ACTIVITY - Your task is to repeat the entries word for word while leaving out the pictures.

Collection entries -

■ ■ ■ ■ ■ ■ ■

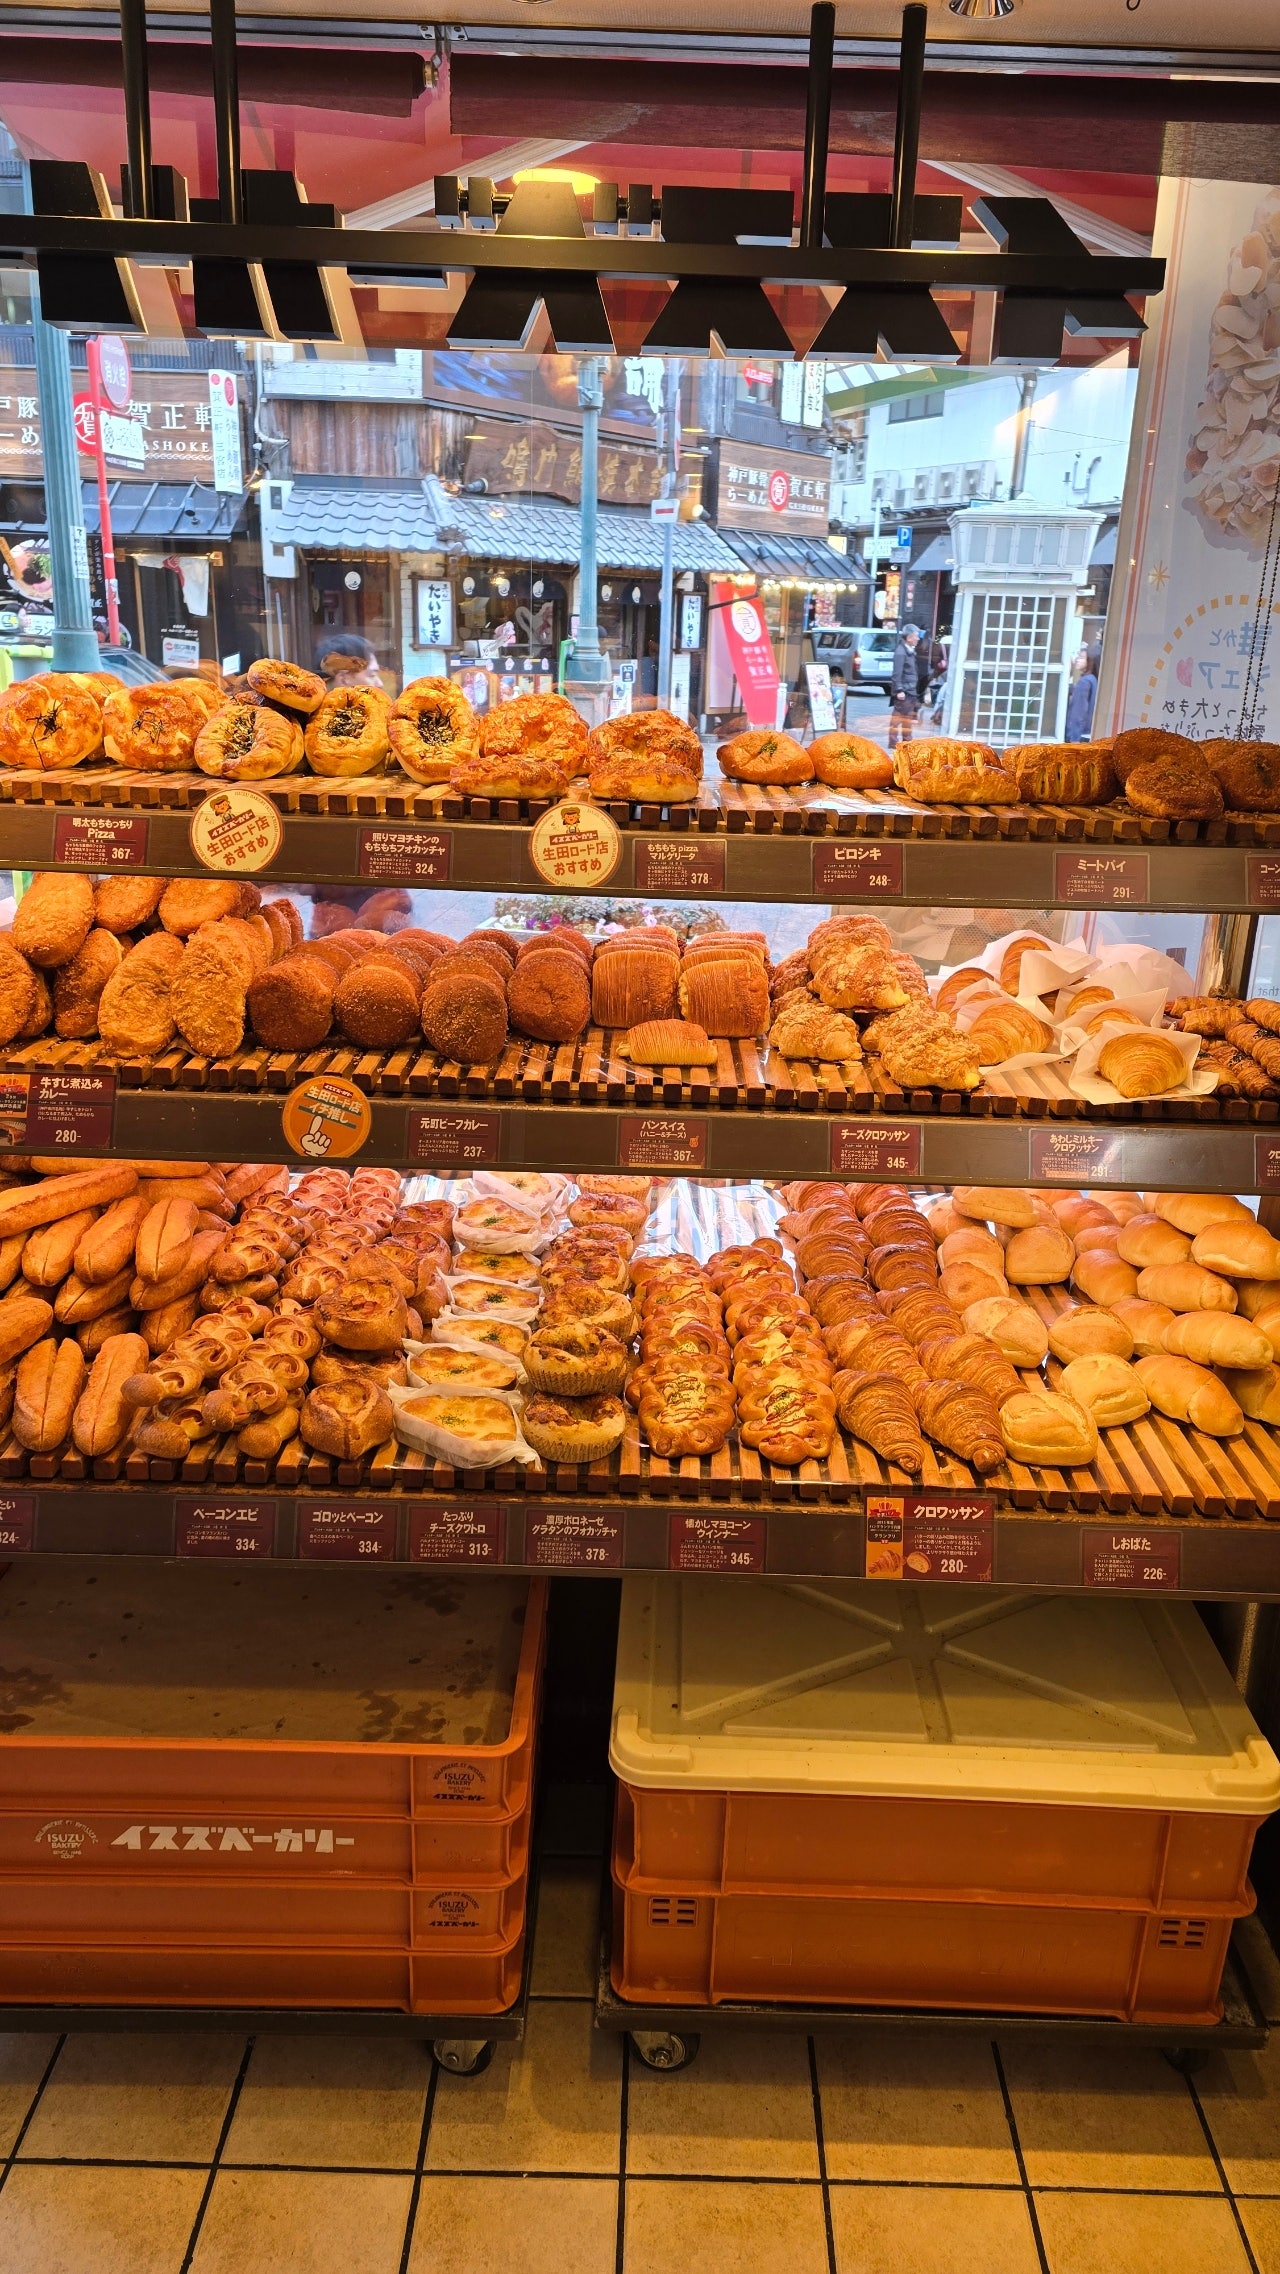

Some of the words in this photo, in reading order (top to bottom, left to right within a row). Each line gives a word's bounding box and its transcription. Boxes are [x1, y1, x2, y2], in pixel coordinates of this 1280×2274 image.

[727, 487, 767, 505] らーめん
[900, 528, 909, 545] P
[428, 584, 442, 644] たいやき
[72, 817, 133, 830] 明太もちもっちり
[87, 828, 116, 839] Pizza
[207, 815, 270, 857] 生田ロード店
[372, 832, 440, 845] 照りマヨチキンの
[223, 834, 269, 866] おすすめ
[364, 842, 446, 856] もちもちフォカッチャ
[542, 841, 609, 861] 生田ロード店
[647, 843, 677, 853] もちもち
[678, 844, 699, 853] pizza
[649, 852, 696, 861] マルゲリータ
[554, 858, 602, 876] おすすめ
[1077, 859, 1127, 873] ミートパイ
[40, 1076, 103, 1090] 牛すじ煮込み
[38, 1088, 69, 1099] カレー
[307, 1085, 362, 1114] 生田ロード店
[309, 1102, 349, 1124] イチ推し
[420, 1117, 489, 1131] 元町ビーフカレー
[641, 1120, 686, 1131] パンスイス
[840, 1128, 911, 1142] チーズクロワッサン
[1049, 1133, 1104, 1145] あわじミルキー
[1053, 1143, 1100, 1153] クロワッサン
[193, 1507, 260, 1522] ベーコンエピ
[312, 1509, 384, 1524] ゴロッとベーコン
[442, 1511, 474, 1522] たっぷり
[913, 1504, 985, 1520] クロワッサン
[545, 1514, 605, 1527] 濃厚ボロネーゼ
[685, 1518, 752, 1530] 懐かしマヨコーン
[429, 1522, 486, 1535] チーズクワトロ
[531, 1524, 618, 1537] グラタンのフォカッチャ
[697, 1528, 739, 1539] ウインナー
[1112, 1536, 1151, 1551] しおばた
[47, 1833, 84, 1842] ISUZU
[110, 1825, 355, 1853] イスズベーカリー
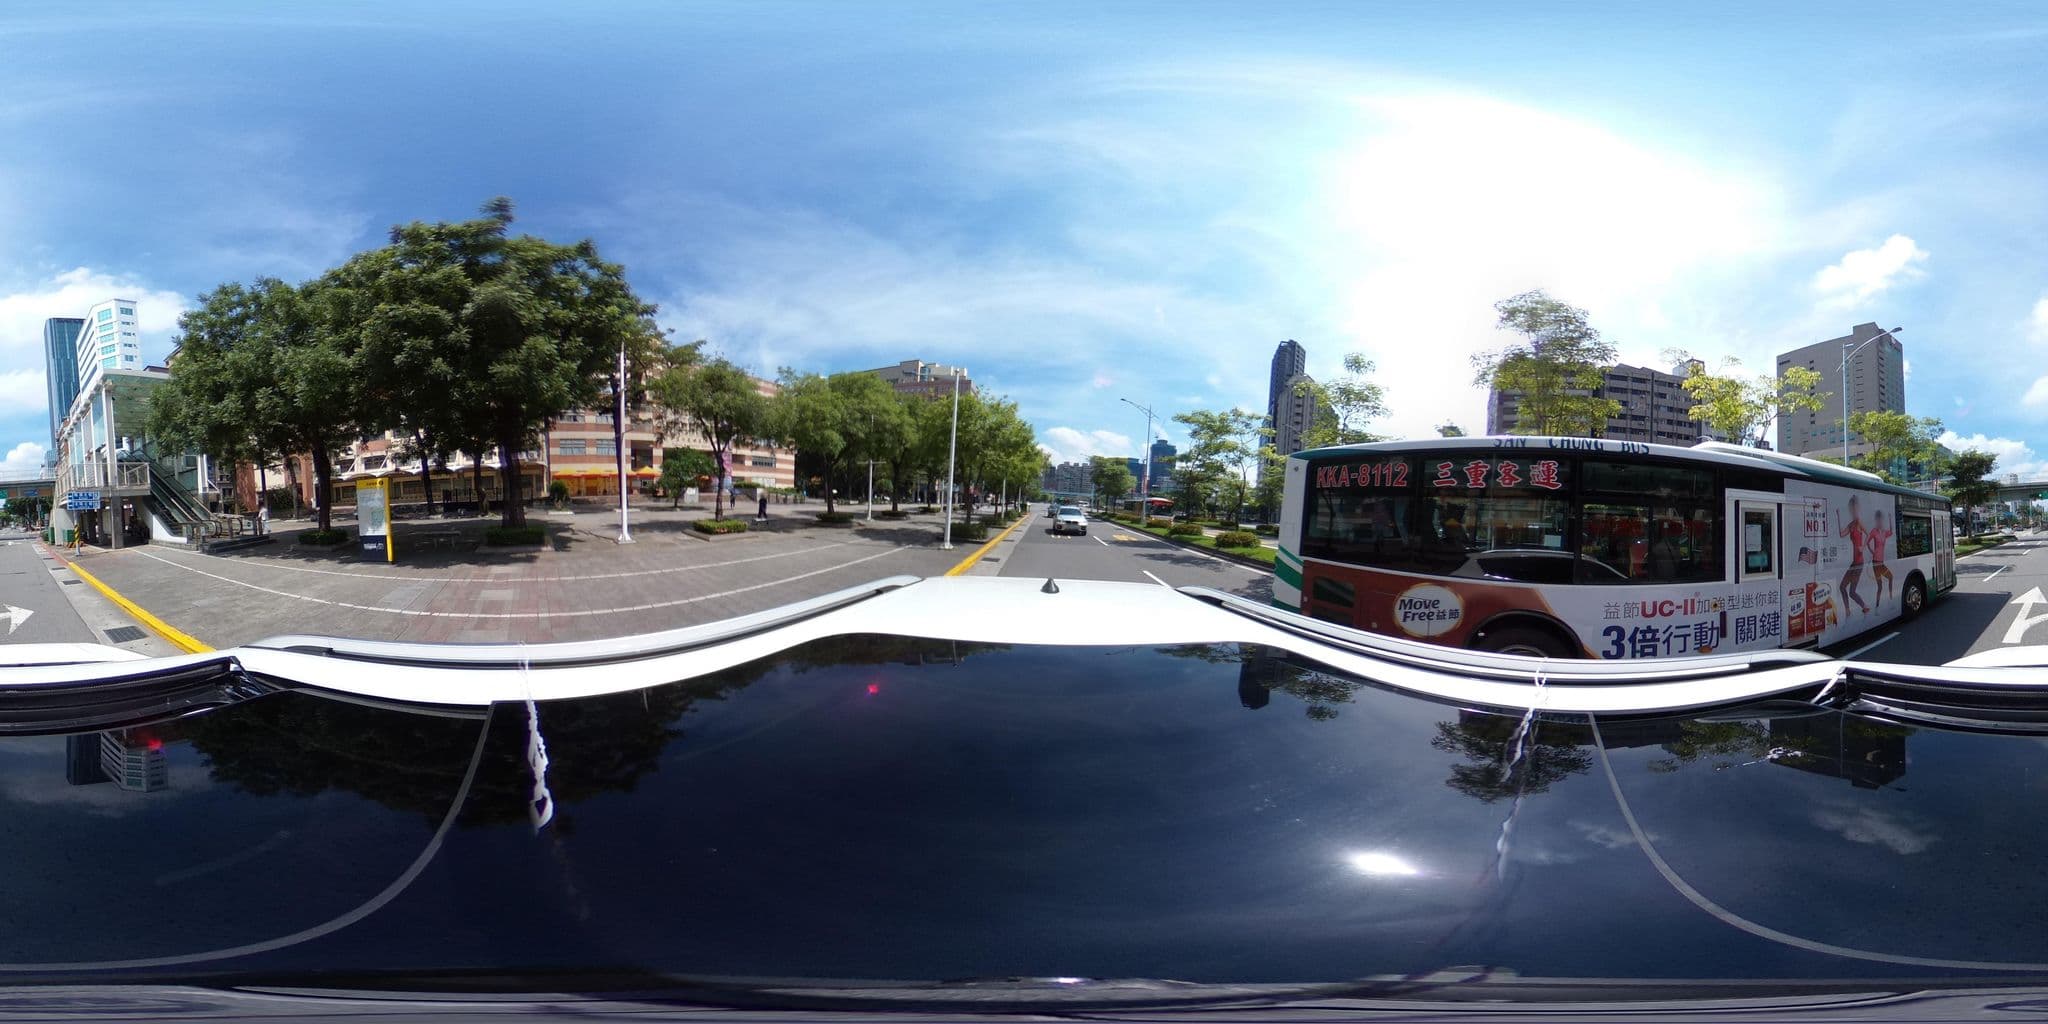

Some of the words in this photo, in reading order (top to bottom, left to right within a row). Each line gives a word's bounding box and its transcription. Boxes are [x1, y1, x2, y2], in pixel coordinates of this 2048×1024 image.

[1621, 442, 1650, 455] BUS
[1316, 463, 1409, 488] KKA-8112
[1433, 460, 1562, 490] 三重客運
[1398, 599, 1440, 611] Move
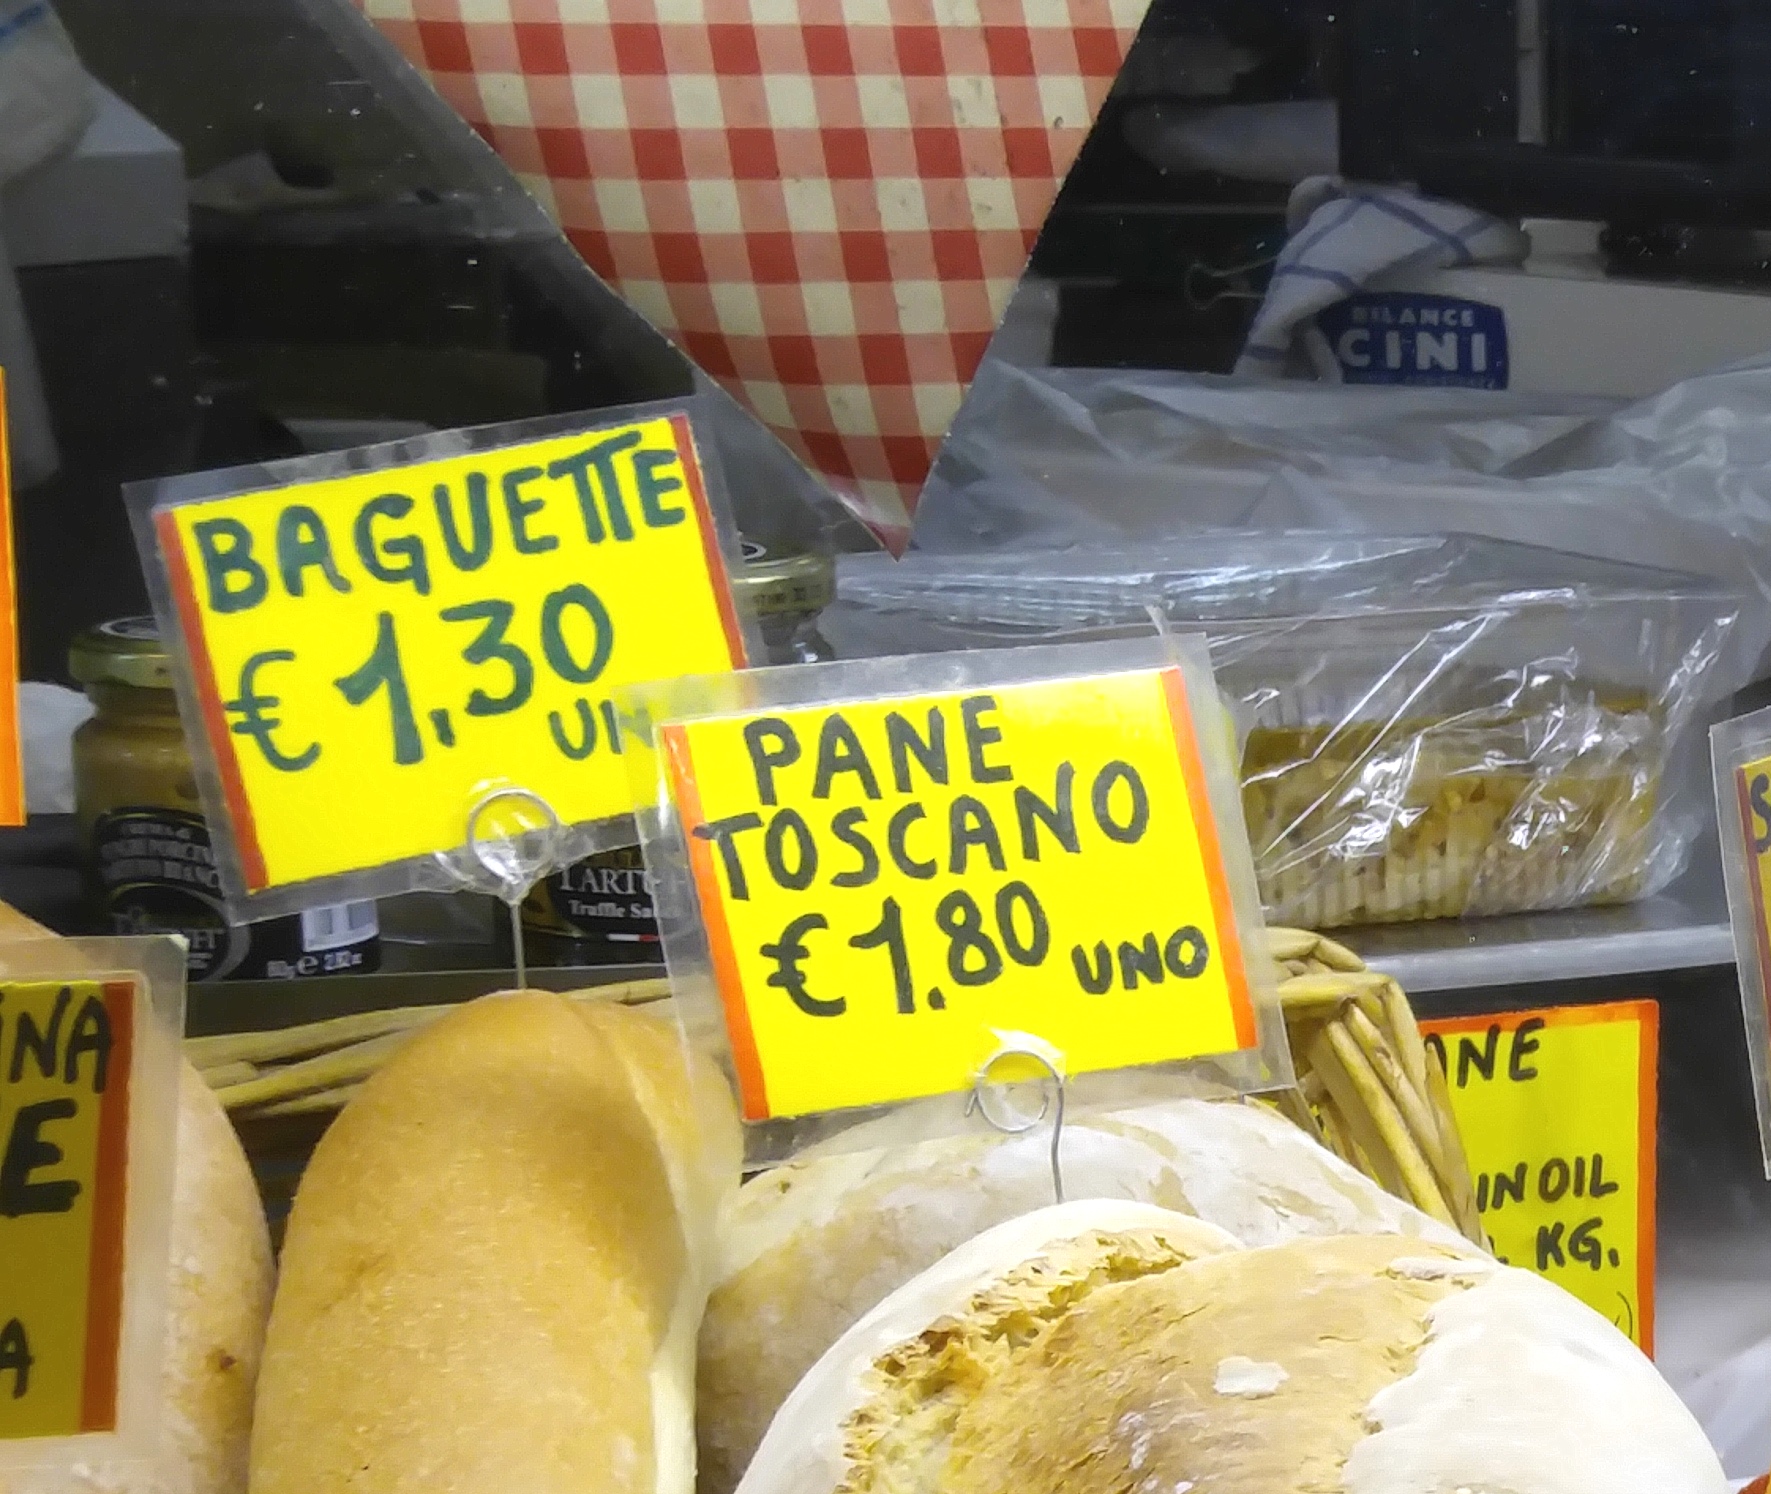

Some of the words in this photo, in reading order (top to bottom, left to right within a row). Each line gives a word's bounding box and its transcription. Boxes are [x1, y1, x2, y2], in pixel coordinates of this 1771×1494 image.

■ ■ ■ ■ ■ ■ ■

SOLUTION TO THIS TASK -
Some of the words in this photo, in reading order (top to bottom, left to right within a row). Each line gives a word's bounding box and its transcription. Boxes are [x1, y1, x2, y2], in pixel coordinates of this 1280×2274 image.

[727, 487, 767, 505] らーめん
[900, 528, 909, 545] P
[428, 584, 442, 644] たいやき
[72, 817, 133, 830] 明太もちもっちり
[87, 828, 116, 839] Pizza
[207, 815, 270, 857] 生田ロード店
[372, 832, 440, 845] 照りマヨチキンの
[223, 834, 269, 866] おすすめ
[364, 842, 446, 856] もちもちフォカッチャ
[542, 841, 609, 861] 生田ロード店
[647, 843, 677, 853] もちもち
[678, 844, 699, 853] pizza
[649, 852, 696, 861] マルゲリータ
[554, 858, 602, 876] おすすめ
[1077, 859, 1127, 873] ミートパイ
[40, 1076, 103, 1090] 牛すじ煮込み
[38, 1088, 69, 1099] カレー
[307, 1085, 362, 1114] 生田ロード店
[309, 1102, 349, 1124] イチ推し
[420, 1117, 489, 1131] 元町ビーフカレー
[641, 1120, 686, 1131] パンスイス
[840, 1128, 911, 1142] チーズクロワッサン
[1049, 1133, 1104, 1145] あわじミルキー
[1053, 1143, 1100, 1153] クロワッサン
[193, 1507, 260, 1522] ベーコンエピ
[312, 1509, 384, 1524] ゴロッとベーコン
[442, 1511, 474, 1522] たっぷり
[913, 1504, 985, 1520] クロワッサン
[545, 1514, 605, 1527] 濃厚ボロネーゼ
[685, 1518, 752, 1530] 懐かしマヨコーン
[429, 1522, 486, 1535] チーズクワトロ
[531, 1524, 618, 1537] グラタンのフォカッチャ
[697, 1528, 739, 1539] ウインナー
[1112, 1536, 1151, 1551] しおばた
[47, 1833, 84, 1842] ISUZU
[110, 1825, 355, 1853] イスズベーカリー

Some of the words in this photo, in reading order (top to bottom, left to right within a row). Each line gives a word's bounding box and its transcription. Boxes are [x1, y1, x2, y2], in pixel coordinates of this 2048×1024 image.

[1621, 442, 1650, 455] BUS
[1316, 463, 1409, 488] KKA-8112
[1433, 460, 1562, 490] 三重客運
[1398, 599, 1440, 611] Move

Some of the words in this photo, in reading order (top to bottom, left to right within a row). Each line gives a word's bounding box and its transcription. Boxes are [x1, y1, x2, y2], in pixel coordinates of this 1771×1494 image.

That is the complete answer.